Further substantial negatives for the US economy:
1) Cars. The dealer massacres and the summer shutdowns are going to hurt some communities very badly.
2) Banks. We are nearing the point at which bank failures will really pick up, which means that local bank lending pullbacks will start to inflict a negative shock on small businesses. Until now, they have been a positive, but higher FDIC insurance rates, growing commercial/retail defaults, and higher and intractable consumer defaults will begin to cut into their ability to lend.
3) Fuel and utilities, but I don't know just yet how negative it will be.
4) Local and state tax increases. Inevitable, but badly timed.
5) Q1 09 shock as some consumers discover that their tax credits were overcounted, and they owe more to the IRS than expected.
6) Generally higher consumer interest rates. We are past our low for this cycle, and it is merely a question of how high they will go.
Internationally, the European bank situation is still a big deal and a decisive downward vector, and worries over the US dollar are real and growing.
PS: From the comments on CR's post on today's unemployment release, this observation from RockyR:
Moving on, recent conversations with CEOs of SMBs have turned from ones of "sales are turning the corner" to "oh my god, my credit facility just got yanked!". The unemployment story isn't over.Yep.
Of course there is always hope that more business friendly Senators and Reps will be elected in 2010. If that could happen I would believe there is some hope of reviving this economy in two or three years. If the Dems stay in charge - fagettaboutit!
First, the bad news. Oil is rising in an apparent attempt to find the new breaking point of the global economy.
Now, the good news. I strongly suspect that we won't have to wait until $140 or more this time around. If nothing else, the global economy is already broken!
Best I could do. Sorry.
For one thing, if the US consumer gets serious about paying down debt, that is something under our control which will have long term positive effects. You can count on that.

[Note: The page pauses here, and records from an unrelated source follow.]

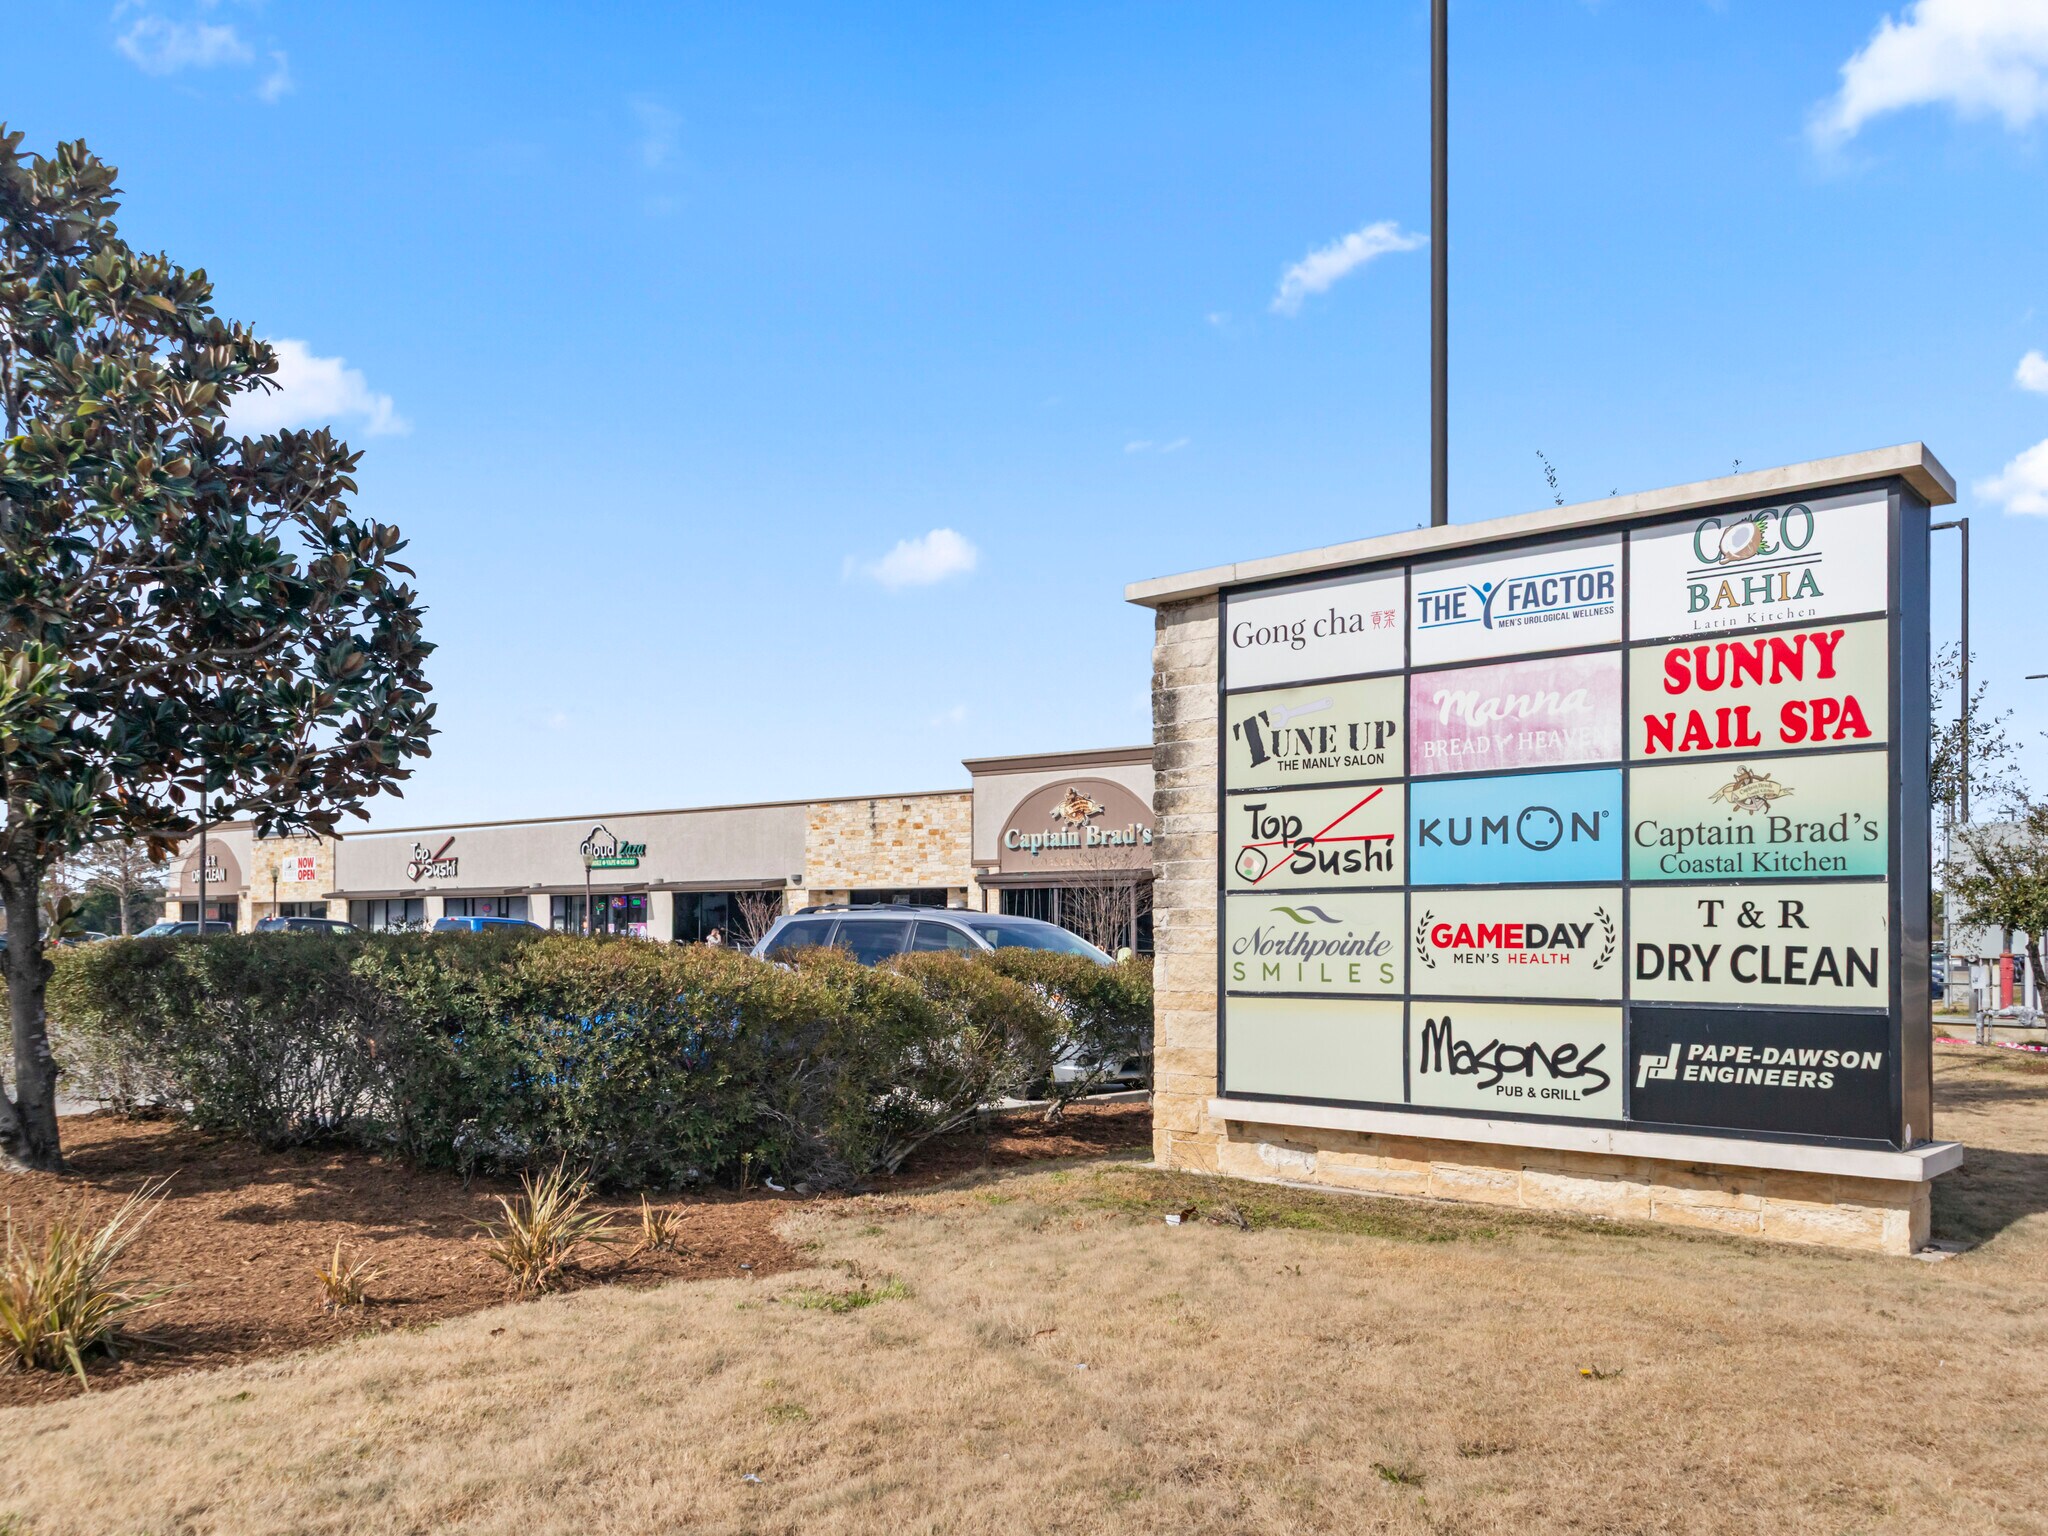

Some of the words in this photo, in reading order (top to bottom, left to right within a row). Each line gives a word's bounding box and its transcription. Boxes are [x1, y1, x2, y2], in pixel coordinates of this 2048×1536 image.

[1417, 591, 1467, 623] THE
[1508, 570, 1614, 611] FACTOR
[1686, 568, 1824, 613] BAHIA
[1232, 618, 1306, 651] Gong
[1313, 607, 1365, 638] cha
[1498, 617, 1522, 629] MEN'S
[1524, 611, 1571, 626] UROLOGICAL
[1572, 606, 1615, 621] WELLNESS
[1693, 618, 1737, 631] Latin
[1747, 607, 1817, 624] Kitchen
[1663, 629, 1845, 695] SUNNY
[1432, 687, 1594, 727] Manna
[1643, 705, 1762, 755] NAIL
[1779, 695, 1872, 744] SPA
[1232, 709, 1337, 769] TUNE
[1347, 720, 1397, 752] UP
[1423, 736, 1491, 758] BREAD
[1277, 759, 1299, 772] THE
[1302, 755, 1341, 770] MANLY
[1343, 752, 1385, 767] SALON
[1004, 827, 1081, 856] Captain
[1086, 823, 1153, 848] Brad's
[1243, 803, 1303, 849] Top
[1634, 815, 1754, 854] Captain
[1766, 812, 1879, 844] Brad's
[211, 856, 218, 867] R
[410, 843, 431, 864] Top
[581, 840, 617, 857] Cloud
[1289, 836, 1394, 876] Sushi
[205, 868, 226, 882] CLEAN
[297, 857, 315, 869] NOW
[297, 869, 315, 880] OPEN
[423, 858, 458, 878] Sushi
[1659, 853, 1743, 874] Coastal
[1752, 851, 1848, 872] Kitchen
[1697, 900, 1725, 928] T
[1736, 901, 1766, 928] &
[1778, 900, 1810, 929] R
[1232, 925, 1394, 962] Northpointe
[1430, 922, 1595, 950] GAMEDAY
[1453, 952, 1499, 965] MEN'S
[1507, 953, 1571, 965] HEALTH
[1636, 943, 1722, 983] DRY
[1730, 945, 1879, 988] CLEAN
[1232, 961, 1395, 985] SMILES
[1419, 1015, 1611, 1096] Masones
[1687, 1044, 1883, 1071] PAPE-DAWSON
[1682, 1065, 1835, 1090] ENGINEERS
[1496, 1085, 1523, 1099] PUB
[1527, 1086, 1538, 1099] &
[1540, 1087, 1582, 1102] GRILL

As for the depressing nature of things, believe me, I censored the really depressing stuff. I wasn't kidding when I commented a while ago that I found it very hard to continue writing this blog. It's like going to a funeral 4 times a week. It gets you down.

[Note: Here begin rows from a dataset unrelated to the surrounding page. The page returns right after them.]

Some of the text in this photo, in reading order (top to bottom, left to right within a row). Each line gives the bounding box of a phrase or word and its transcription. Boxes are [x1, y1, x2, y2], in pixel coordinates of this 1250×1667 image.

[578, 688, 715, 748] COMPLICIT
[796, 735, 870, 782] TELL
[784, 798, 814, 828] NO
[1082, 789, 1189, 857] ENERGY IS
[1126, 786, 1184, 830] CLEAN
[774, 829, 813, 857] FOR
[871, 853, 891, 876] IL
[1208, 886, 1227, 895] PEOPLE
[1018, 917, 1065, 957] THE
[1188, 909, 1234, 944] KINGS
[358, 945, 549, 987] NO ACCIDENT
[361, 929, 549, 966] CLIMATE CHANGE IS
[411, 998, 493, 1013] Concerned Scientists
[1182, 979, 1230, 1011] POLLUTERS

Total unemployment is rising, so it's no surprise that banks are writing down more CC debt.
It took 15, 16 years to create the bubble, and the federal government does everything it can to make sure it takes 15,16 years for the bubble to completely burst.
May I ask what your assumptions were about tax withholdings and interest rates? Presumably, tax withholding will increase for top-bracket earners starting Jan 2010. It also seems that interest rates will rise due to fears of inflation or US Treasury default.
Also, do your projections include any assumptions about Cap'n Trade? Or is this left as an exercise for the reader?
Thanks MOM your information gets right to the core!
The White Paint brigade is still quite active, so I do expect something to happen.
Interestingly, CHI PMI today brought a Kingsbury prediction of recession ending in December. I am having trouble seeing that exactly, but it's close enough to make me wonder.
Ronald - thanks very much for the Costco/Small Business tip. I really hadn't considered that much, but I bet you're right.